In the mid-term, mobile broadband and data mashups will make their mark on education. Mashups, according to the report, will largely impact the way education institutions represent information. "While most current examples are focused on the integration of maps with a variety of data," the report said, "it is not difficult to picture broad educational and scholarly applications for mashups." Johns Hopkins University, Michigan State University, and the University of Minnesota are examples of higher education institutions using mashups for learning resources and other projects. Mobile broadband too is in the early stages of adoption for educational purposes, from project-based learning activities to virtual field trips.

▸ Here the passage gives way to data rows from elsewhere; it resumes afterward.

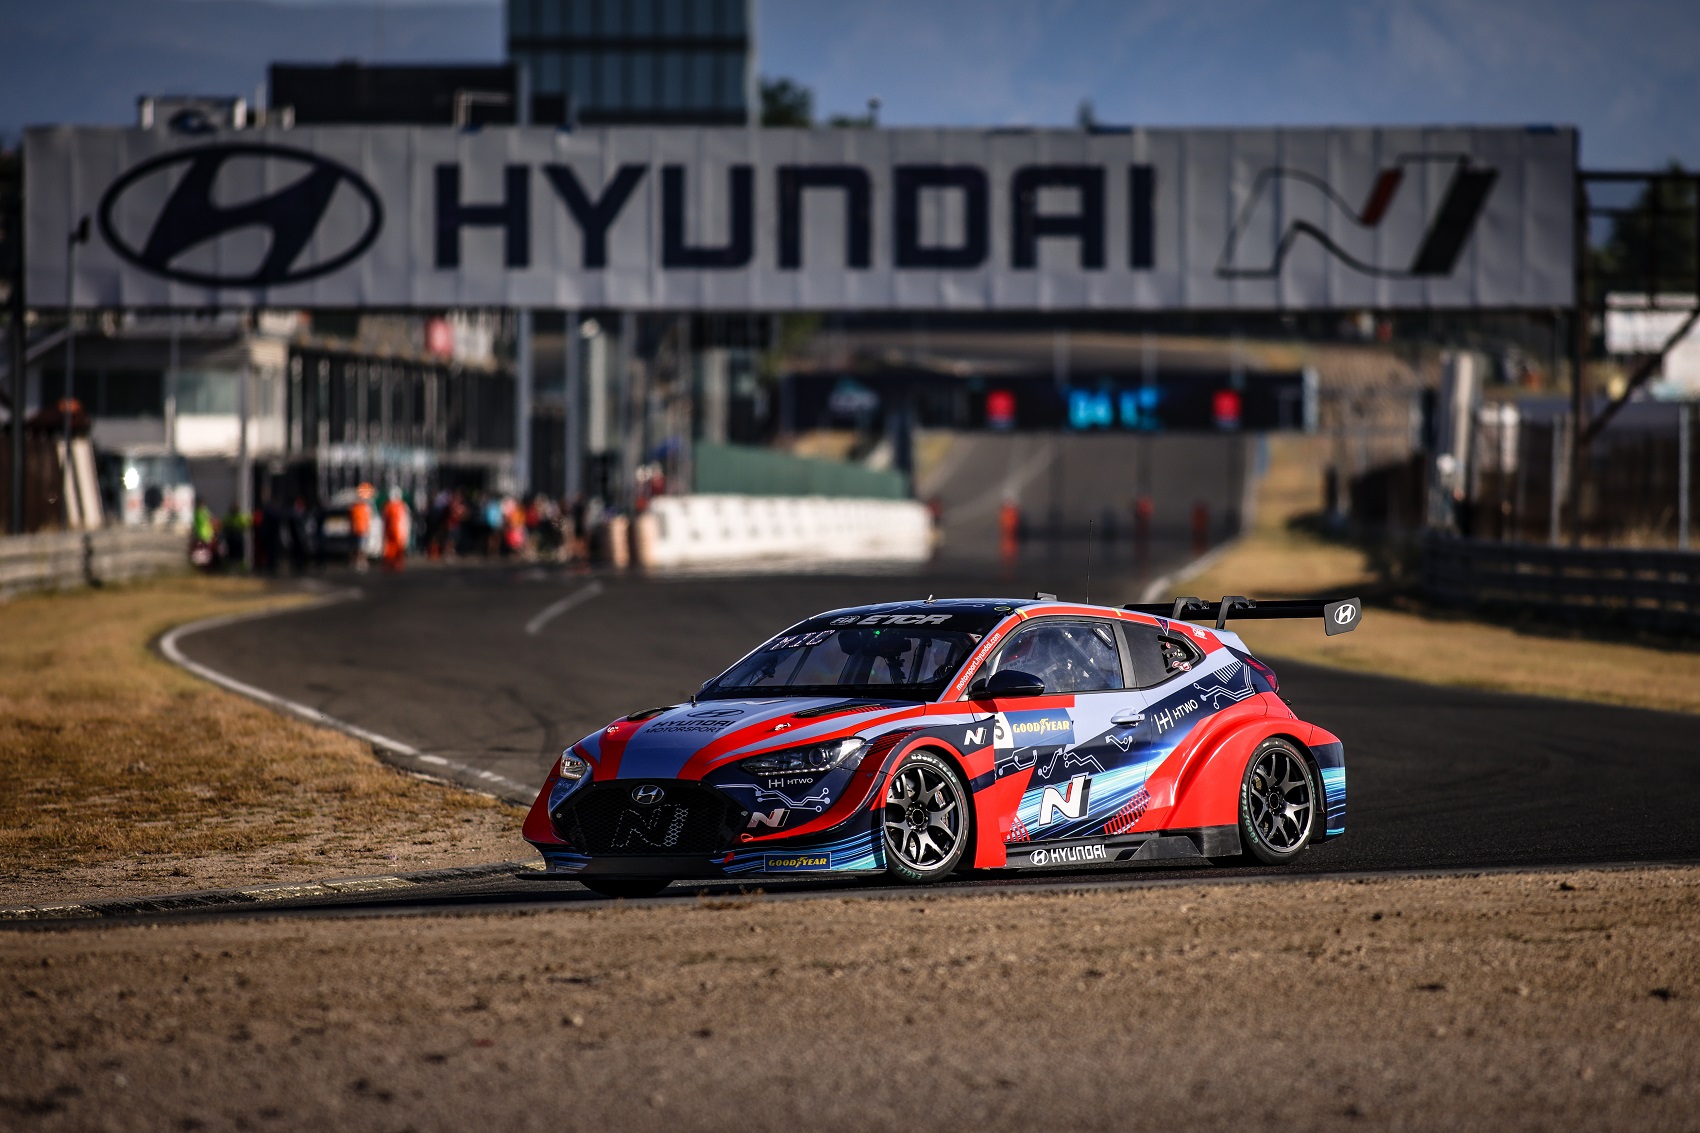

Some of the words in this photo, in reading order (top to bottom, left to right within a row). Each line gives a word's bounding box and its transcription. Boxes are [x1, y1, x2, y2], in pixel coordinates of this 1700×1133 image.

[434, 163, 1156, 269] HYUNDAI
[857, 614, 952, 625] ETCR
[956, 632, 1001, 691] motorsport.hyundai.com
[1172, 699, 1199, 719] HTWO
[643, 726, 725, 735] MOTORSPORT
[652, 720, 737, 728] HYUNDAI
[1012, 718, 1070, 735] GOODYEAR
[787, 777, 814, 785] HTWO
[1038, 771, 1093, 828] N
[1050, 844, 1107, 862] HYUNDAI
[768, 856, 828, 868] GOODYEAR
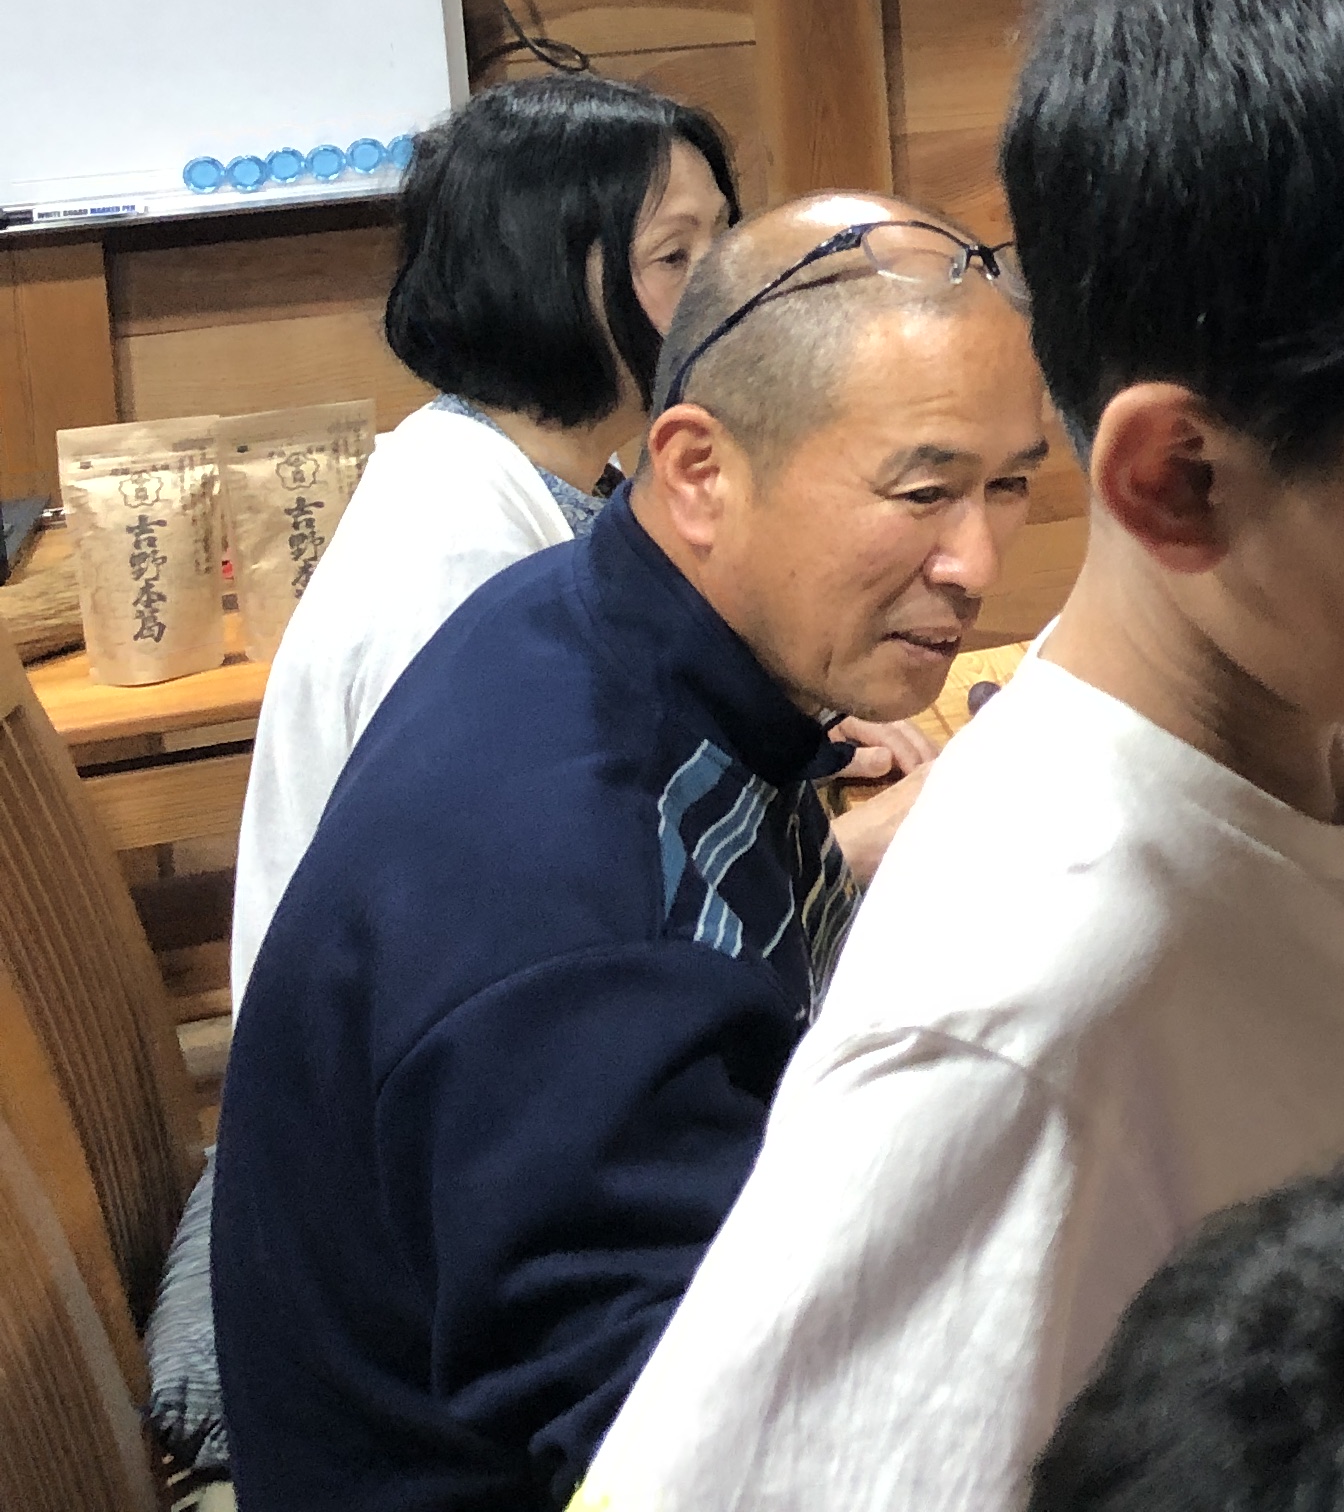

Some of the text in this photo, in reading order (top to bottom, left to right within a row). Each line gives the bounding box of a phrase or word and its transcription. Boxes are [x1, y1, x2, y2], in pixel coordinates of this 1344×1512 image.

Further down the road, according to the report, come "collective intelligence" and "social operating systems." Collective intelligence includes wikis and community tagging. A social operating system is "the essential ingredient of next generation social networking" and "will support whole new categories of applications that weave through the implicit connections and clues we leave everywhere as we go about our lives, and use them to organize our work and our thinking around the people we know," according to the report. The time to adoption for these last two will be four to five years, the report said.